Paper
28 March 1995 High-resolution synaptic weights and hardware-in-the-loop learning
Taher Daud, Tuan A. Duong, Mua D. Tran, Harry Langenbacher, Anilkumar P. Thakoor
Author Affiliations +
Proceedings Volume 2424, Nonlinear Image Processing VI; (1995) https://doi.org/10.1117/12.205250
Event: IS&T/SPIE's Symposium on Electronic Imaging: Science and Technology, 1995, San Jose, CA, United States
Abstract
Artificial neural network paradigms are derived from biological nervous system and are characterized by massive parallelism.
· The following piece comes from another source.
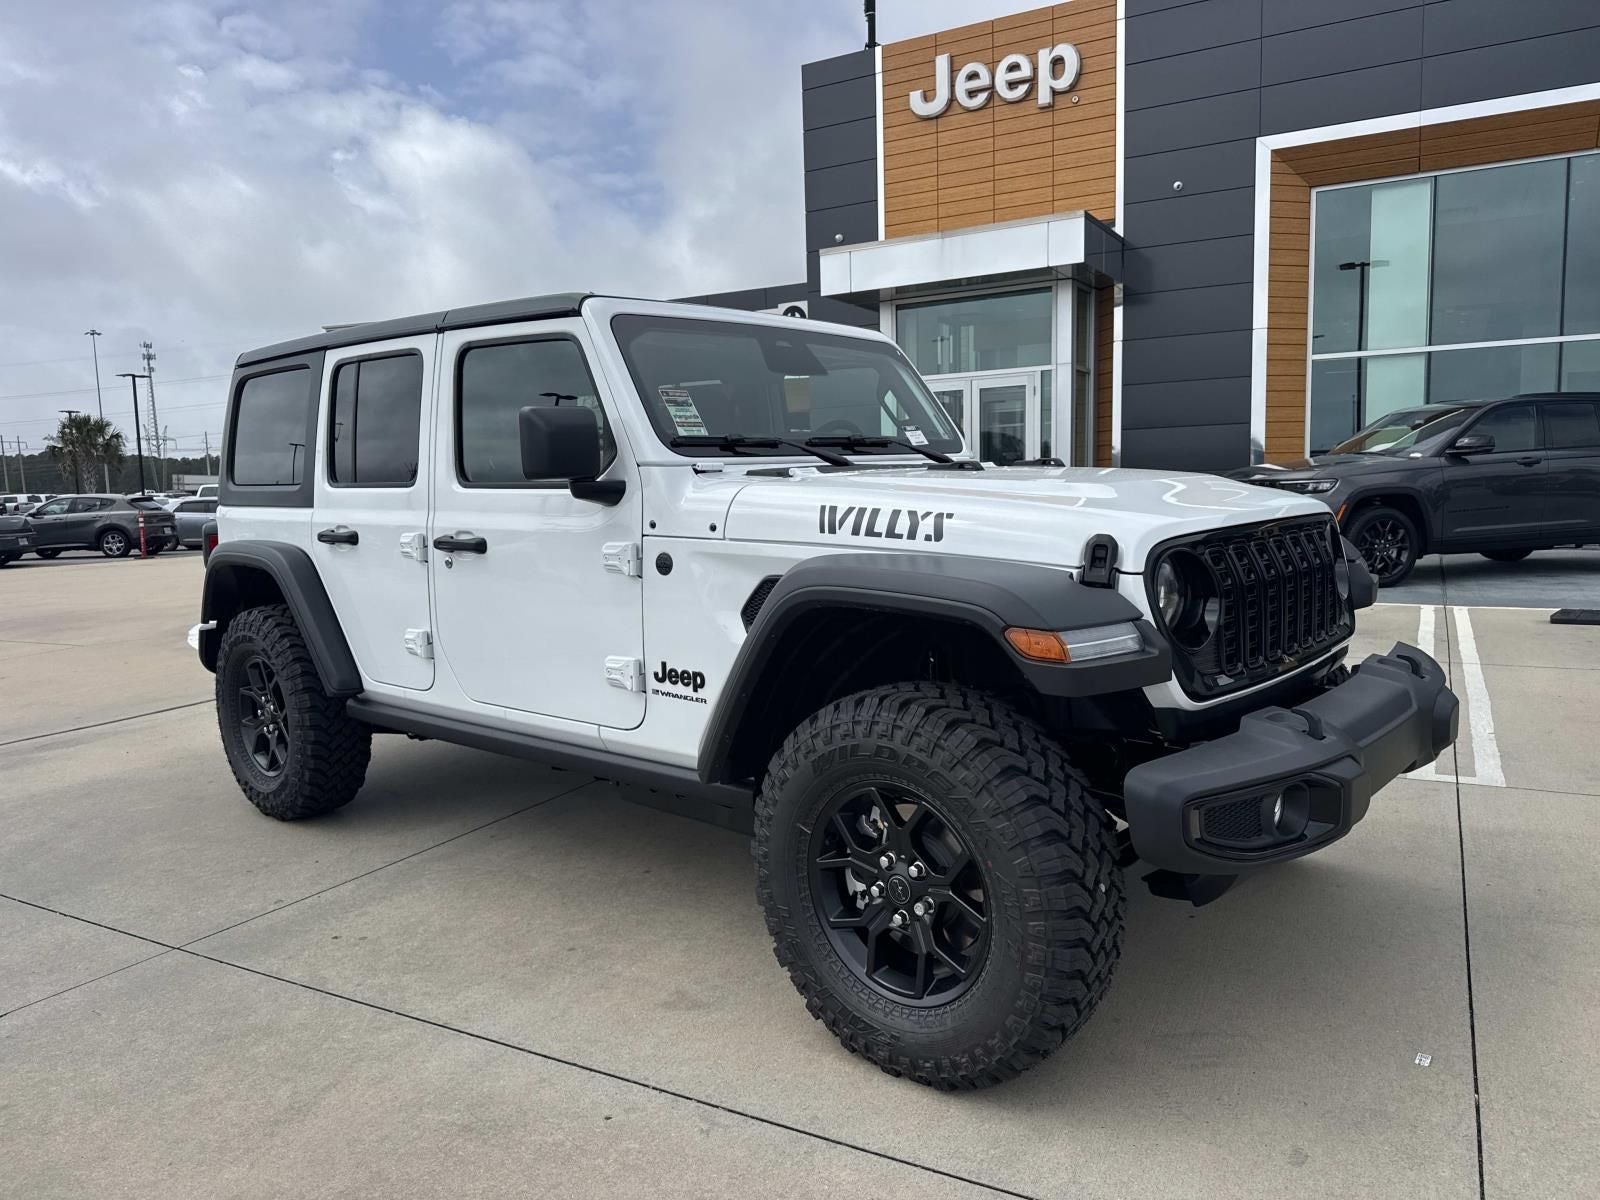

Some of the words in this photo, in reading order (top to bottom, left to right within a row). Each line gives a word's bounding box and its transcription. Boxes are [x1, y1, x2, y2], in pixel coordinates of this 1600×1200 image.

These networks have shown the capabilities of processing input-output mapping operations even where the transformation rules are not known, partially known, or ill-defined. For high-speed processing, we have fabricated neural network architectures as building-block chips with either a 32 X 32 matrix of synapses or a 32 X 31 array of synapses along with 32 neurons along a diagonal for a 32 X 32 matrix. Reconfigurability allows a variety of architectures from fully recurrent to fully feedforward, including constructive architectures such as cascade correlation. Further, a variety of gradient-descent learning algorithms have been implemented. Additionally, the chips being cascadable, larger size networks are easily assembled. An innovative scheme of combining two identical synapses on two respective chips in parallel nominally doubles the bit resolution from 7 bits (6-bit + sign) to 13 bits (12-bit + sign). We describe the feedforward net obtained by assembly of 8 chips on a board with nominally 13 bits of resolution for a hardware-in-the-loop learning of a feature classification problem involving map-data. This neural net hardware with 27 analog inputs and 7 outputs is able to learn to classify the features and provide the required output map at high speed with 89% accuracy. This result, with hardware's lower precision, etc., compares favorably with an accuracy of 92% obtained both by a neural network software simulation (floating point accuracy of synaptic weights) and a statistical technique of k-nearest neighbors.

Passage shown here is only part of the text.